Cell processing unit 200 and bioreactor 100 may be manually controlled in response to measured parameters. For example, a user may change parameters of the cell processing unit 200 and/or the bioreactor 100 by adjusting the gas concentration or temperature within the cell processing unit 200 . A user may additionally or alternatively initiate the operation of agitation plate 201 to mix the contents of bioreactor 100 . The user may additionally or alternatively connect accessories to the cell processing platform 104 to add cells, media, beads, and/or viruses to the bioreactor, or the user may extract waste media from the bioreactor or perform further testing. An accessory may be connected to the cell processing platform 104 to take a sample for processing.

In embodiments, a controller may automatically control one or more operations of cell processing unit 200 to change such parameters and thus regulate conditions within bioreactor 100 . For example, the controller may have pre-programmed target parameters, or alternatively the user may input target parameters. The controller will control the operation of the cell processing unit 200 until the measured parameter equals the target parameter.

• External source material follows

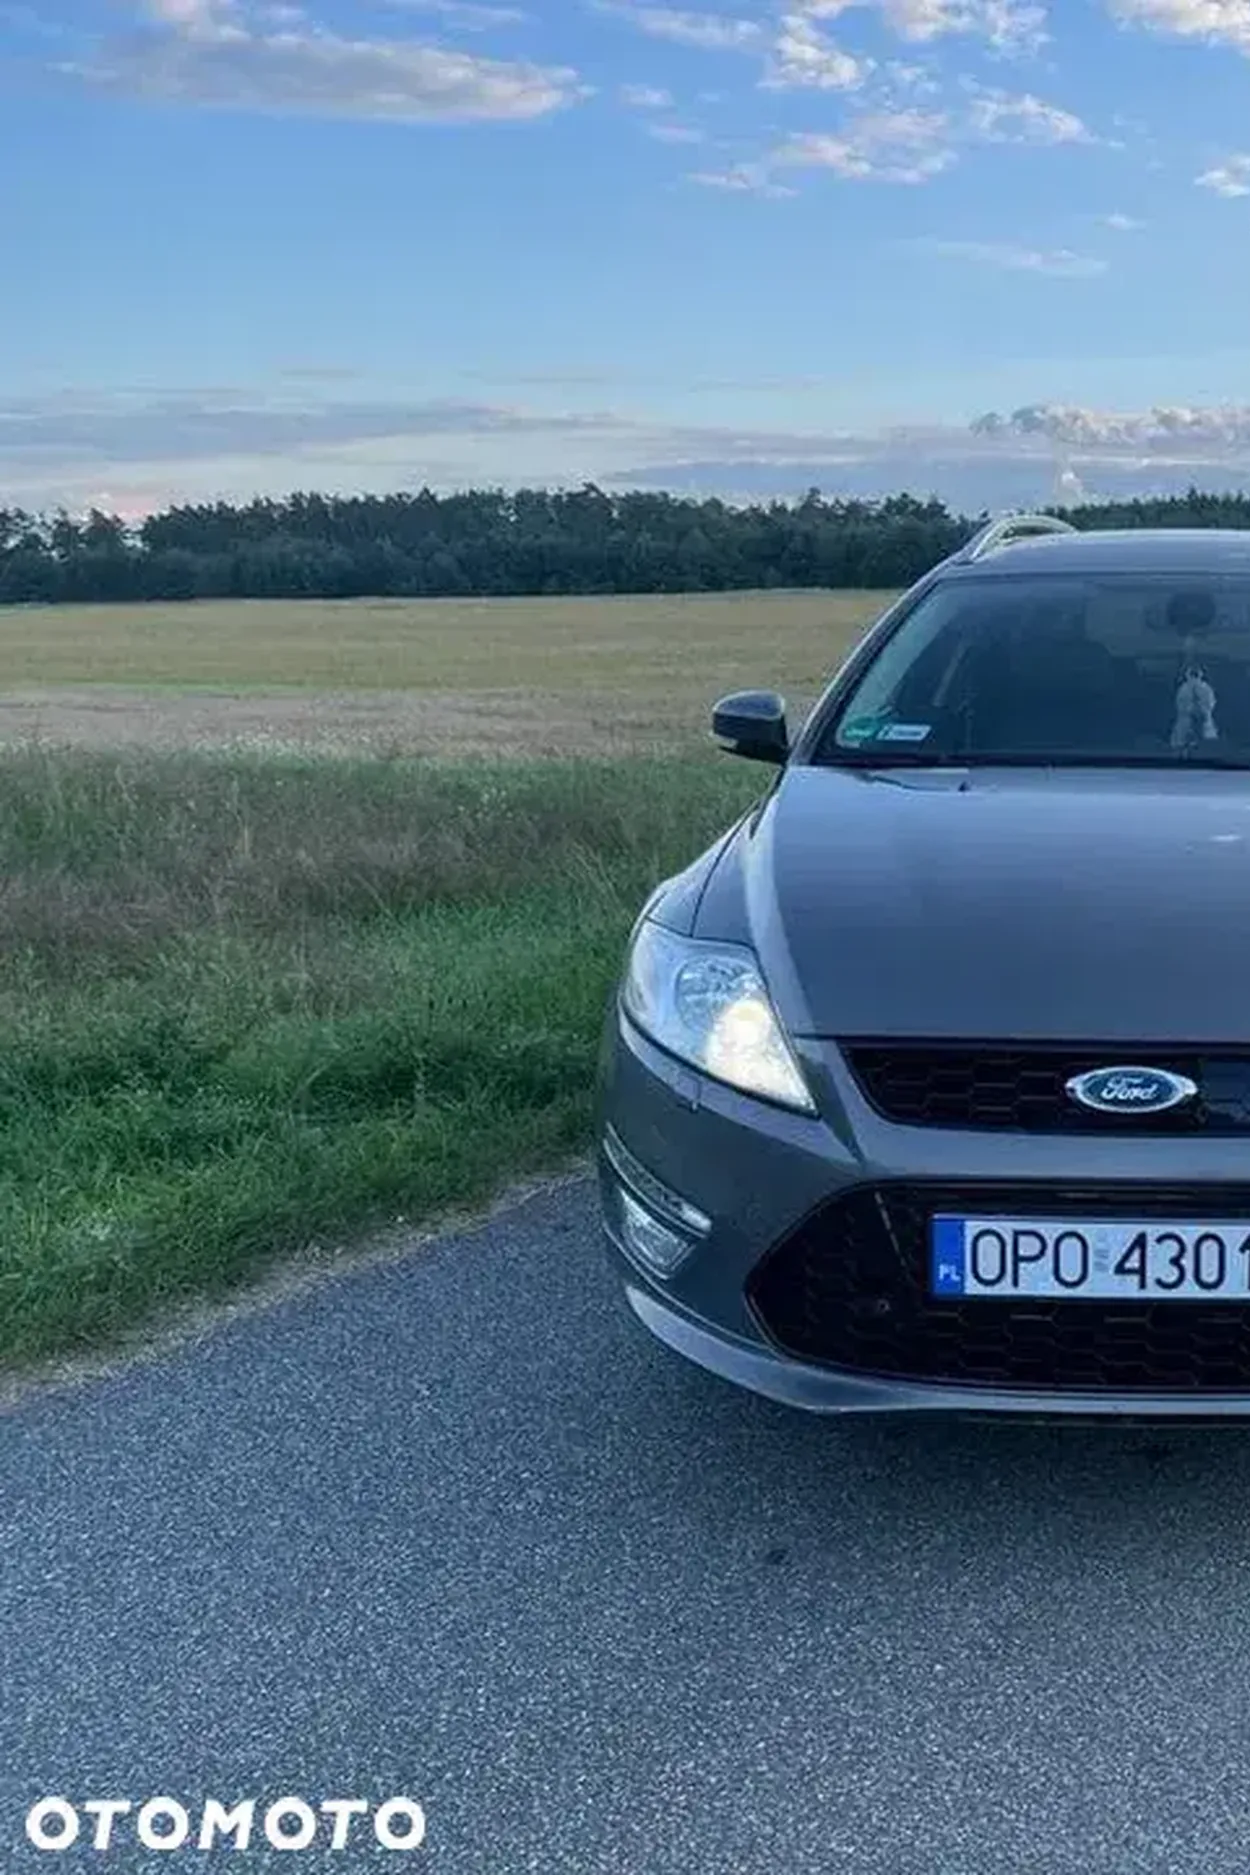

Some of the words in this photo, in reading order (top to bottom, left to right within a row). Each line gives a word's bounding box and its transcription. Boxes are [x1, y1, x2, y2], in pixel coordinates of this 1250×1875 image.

[1101, 1076, 1158, 1100] Ford
[971, 1228, 1089, 1288] OPO
[938, 1265, 961, 1282] PL

According to one embodiment, optical sensors 116 and 117 direct light to optical dots 106 and 107 . For example, optical sensors 116 and 117 have LEDs that direct light onto optical dots 106 and 17 . The optical dots 106 and 107 emit fluorescence in response to incident light. The fluorescence response is then detected by the optical sensors 116 and 117 as a fluorescence signal. The received fluorescence signal is associated with one or more of a dissolved oxygen parameter, a pH parameter, and/or a dissolved carbon dioxide parameter. These sensed parameters are related to conditions within the bioreactor 100 such as gas content, dissolved gas content in the cell suspension, cell suspension pH or the like. The sensed parameters are sent to the controller. The controller then controls the operation of the cell processing unit 200 to adjust the conditions within the bioreactor 100 until the sensed parameter equals the target parameter.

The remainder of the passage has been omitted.